Following this successful sale, Jack is going to invest into a tax efficient investment fund. This will allow him to defer the capital gain, whilst also helping to shelter his assets from inheritance tax, once they are passed onto his children. These long-standing, government-backed schemes provide investors with particularly generous tax reliefs following their investment in younger British companies.

By investing the total £400,000 value of his gain into qualifying shares, Jack could defer his full CGT bill of £112,000 – and, as long as he has held the shares for a minimum of 2 years, he would also qualify for inheritance tax relief on his investment. The remaining £300,000 can be used to comfortably fund Jack’s retirement (and pay off the remaining mortgages, of course). Further to these benefits, there’s a possibility that – depending on the amount of income tax he has paid – Jack could claim up to £120,000 of relief against his income tax bill!

CGT deferred through this form of tax efficient investment will remain deferred until the investment is sold. Once it has been sold, another investment can be made to defer the tax again.

If Jack was to pass away, a minimum of two years after making this investment, his fund value would transfer to his children, exempt from the 40% inheritance tax. On top of this, Jack’s £112,000 of CGT would expire upon the event of his death, too.

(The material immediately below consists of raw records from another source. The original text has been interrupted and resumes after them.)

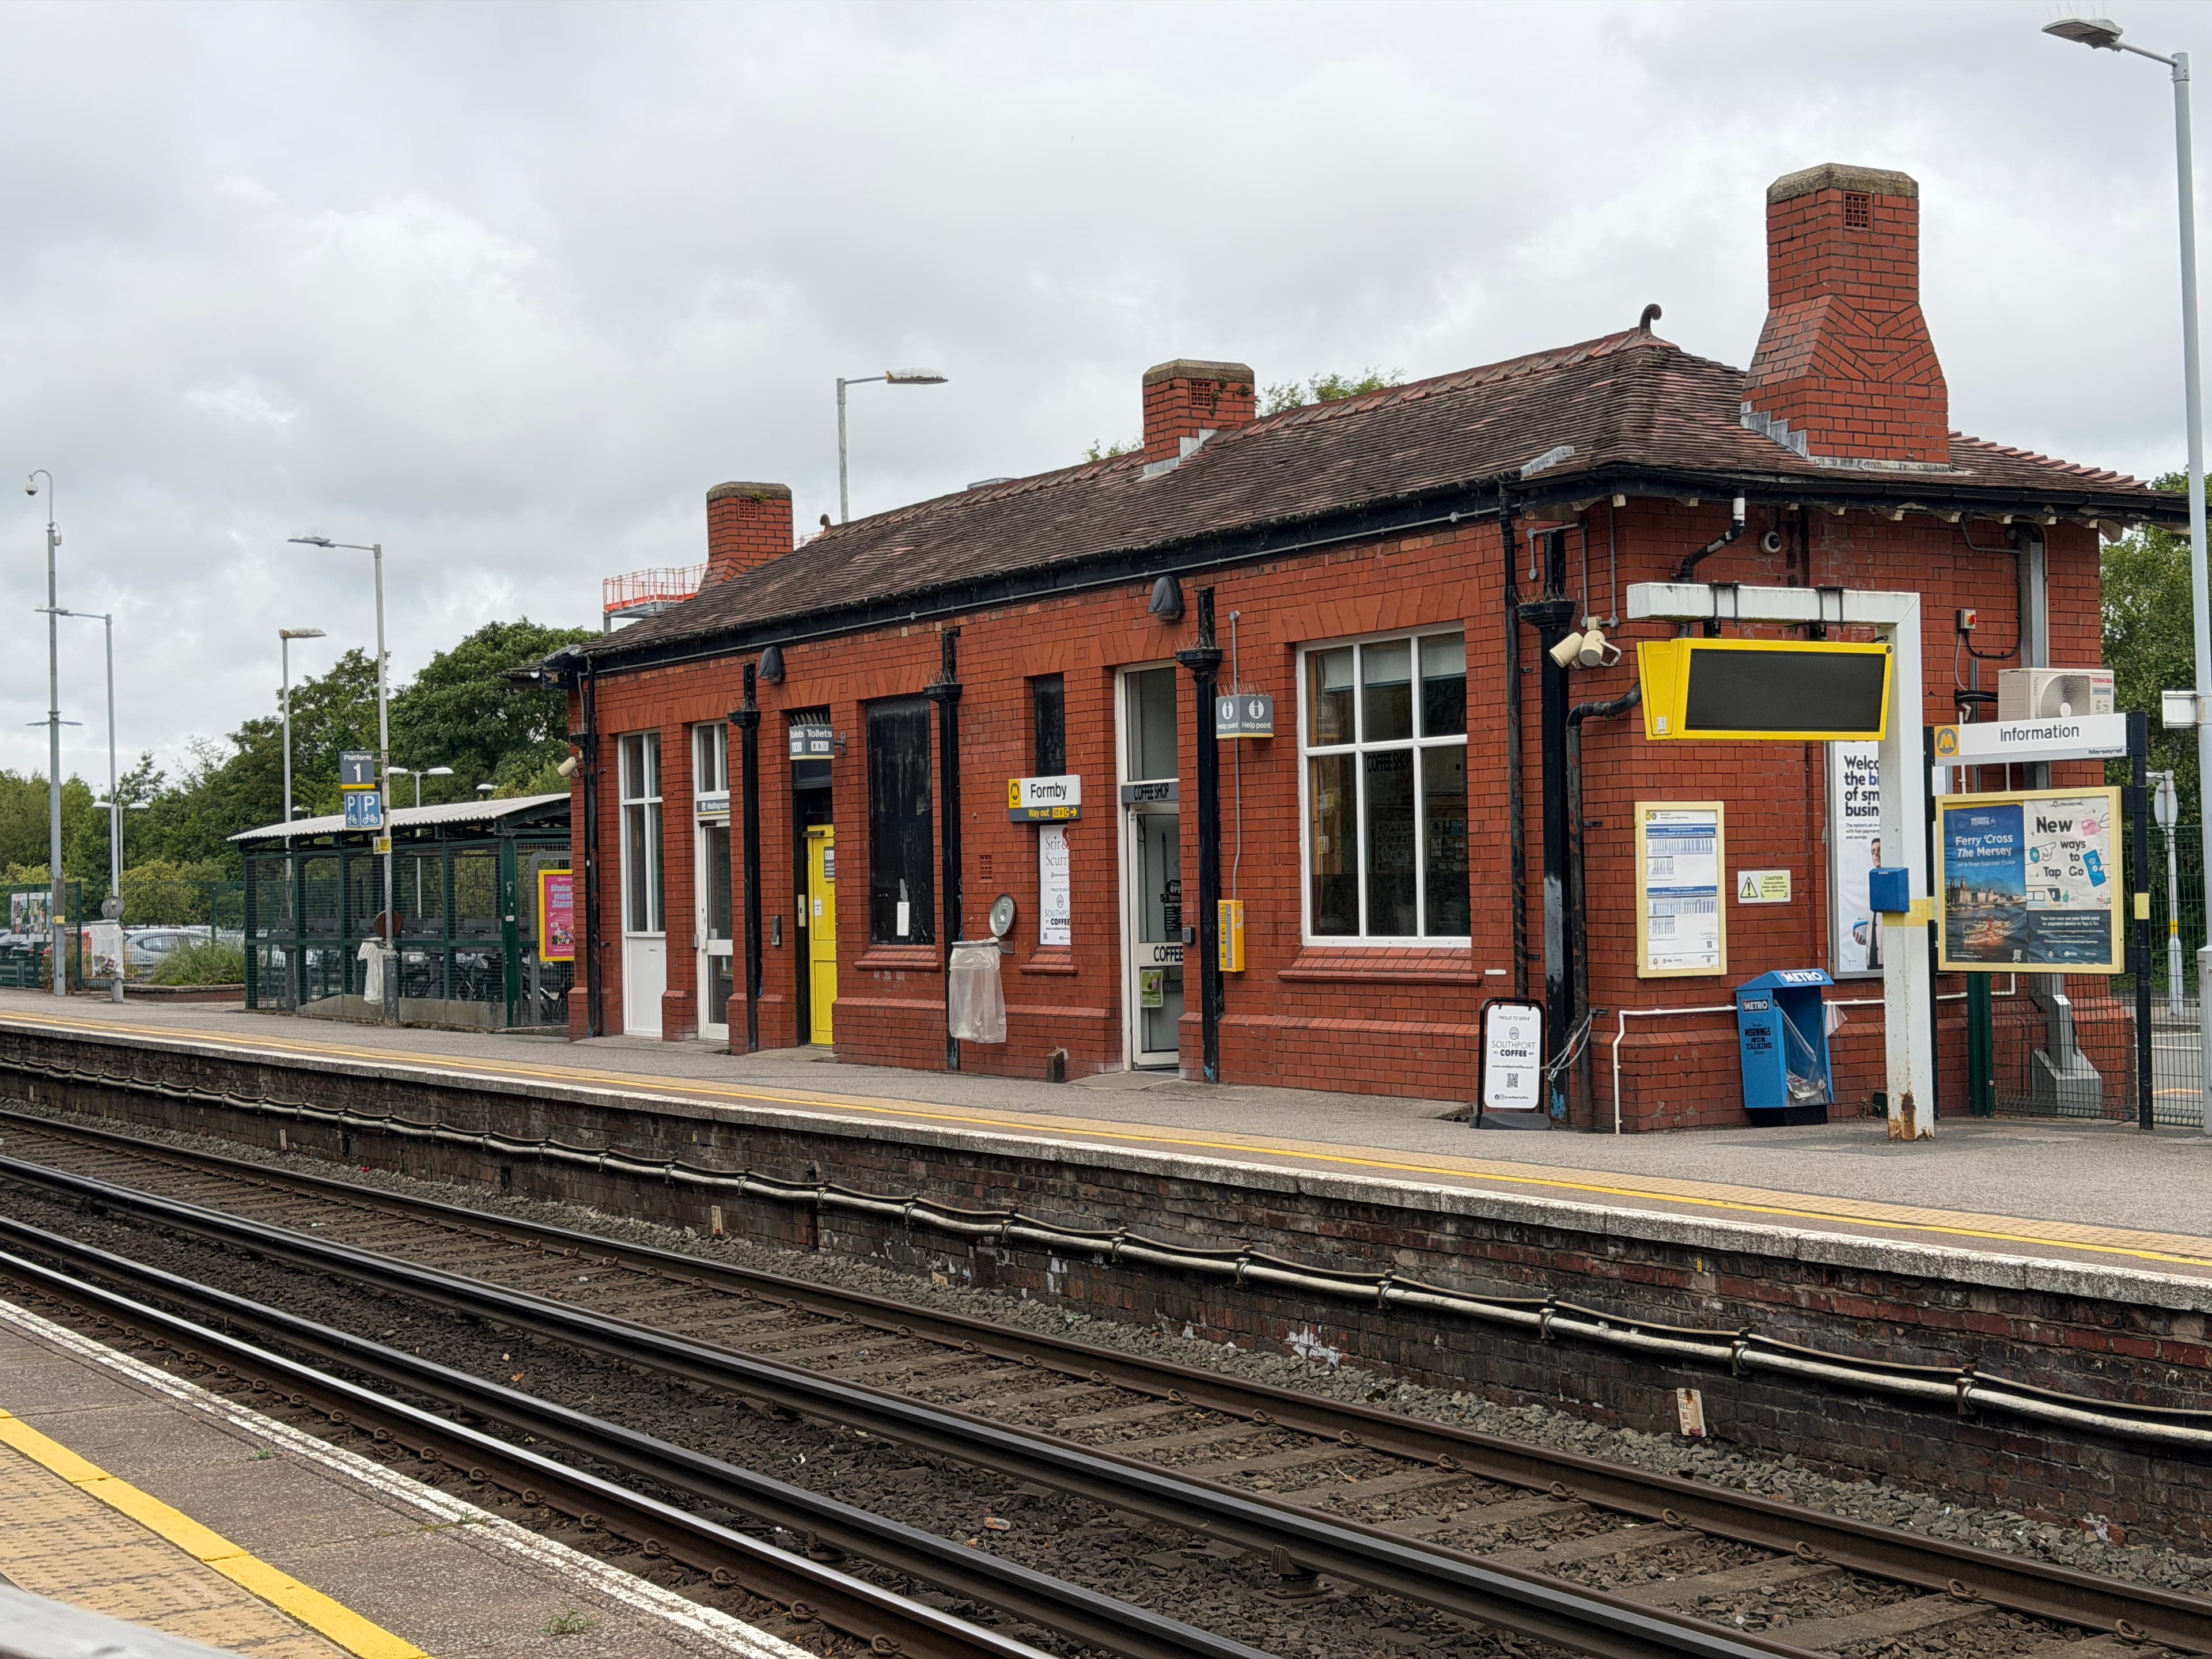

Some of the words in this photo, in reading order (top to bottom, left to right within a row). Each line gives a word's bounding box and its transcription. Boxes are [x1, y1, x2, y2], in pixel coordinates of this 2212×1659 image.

[1228, 721, 1238, 730] point
[1242, 721, 1256, 730] Help
[1256, 721, 1272, 730] point
[790, 729, 804, 738] Toilets
[806, 729, 833, 738] Toilets
[2000, 724, 2080, 742] Information
[2088, 747, 2123, 756] Merseyrail
[1367, 753, 1392, 772] COFFEE
[1392, 751, 1411, 771] SHOP
[353, 763, 361, 782] 1
[1844, 771, 1866, 786] the
[1031, 782, 1067, 801] Formby
[1134, 783, 1154, 801] COFFEE
[1154, 782, 1169, 800] SHOP
[1844, 786, 1859, 801] of
[347, 796, 355, 812] P
[364, 796, 375, 812] P
[1028, 809, 1040, 819] Way
[1040, 808, 1050, 817] out
[2036, 816, 2073, 834] New
[1046, 835, 1060, 851] Stir
[1955, 836, 1982, 846] Ferry
[1983, 834, 2013, 844] 'Cross
[2060, 840, 2086, 851] ways
[1957, 848, 1974, 858] The
[1976, 846, 2012, 857] Mersey
[2069, 852, 2080, 862] to
[2043, 866, 2062, 880] Tap
[2069, 866, 2084, 877] Go
[551, 884, 571, 892] Make
[1051, 918, 1071, 926] COFFEE
[1153, 945, 1184, 963] COFFEE
[1782, 972, 1823, 983] METRO
[1744, 1000, 1768, 1010] METRO
[1744, 1027, 1771, 1037] MORNINGS
[1491, 1040, 1536, 1050] SOUTHPORT
[1745, 1042, 1772, 1050] TALKING
[1500, 1049, 1527, 1057] COFFEE
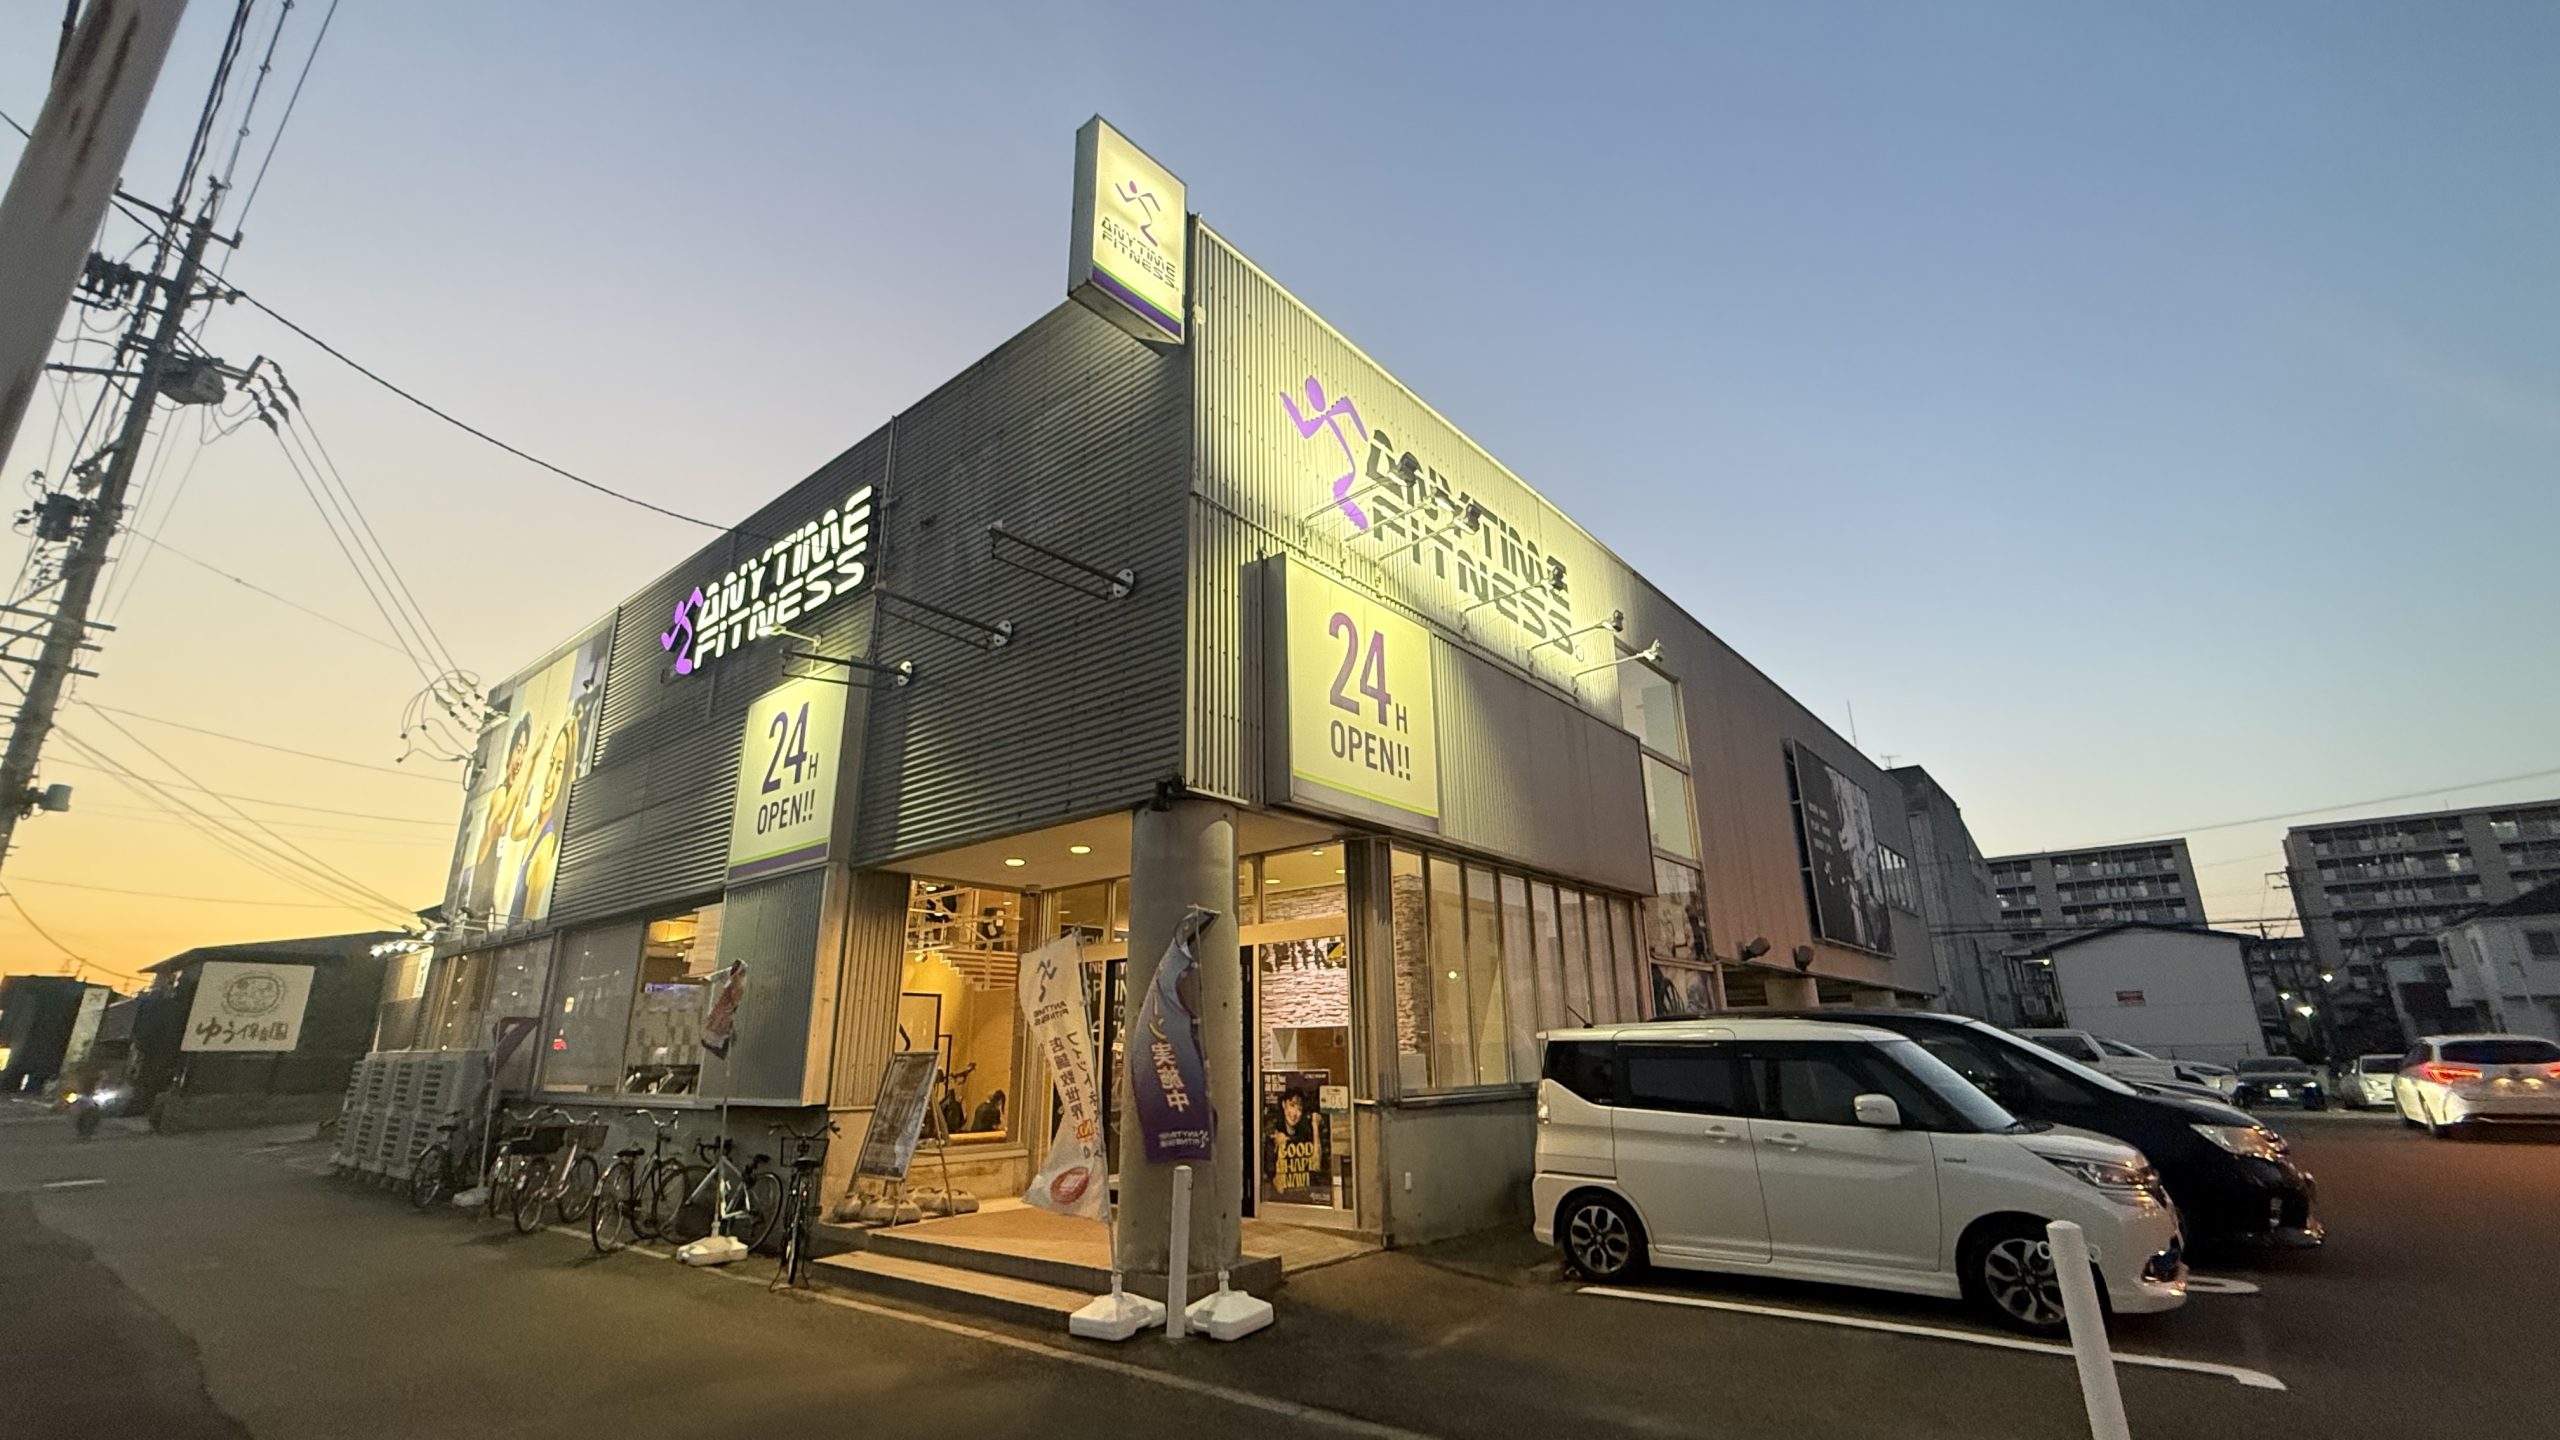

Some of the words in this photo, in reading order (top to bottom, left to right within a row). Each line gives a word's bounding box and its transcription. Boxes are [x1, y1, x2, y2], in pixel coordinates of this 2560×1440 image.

If Jack had decided not to proceed with the above tax planning, his financial situation would look something like this:

The £400,000 capital gain would still have been attained upon the sale of Jack’s three properties, but he would then need to pay £112,000 in CGT, leaving him with £288,000. £115,200 of potential inheritance tax would be deducted, once the assets have been passed on, ultimately leaving Jack with a mere £172,800 left of his £400,000 gain.

With recent changes to the rules surrounding the reporting and payment of CGT, and potentially more changes to come, higher-rate taxpayers can find multiple benefits in thoroughly exploring the options available to them.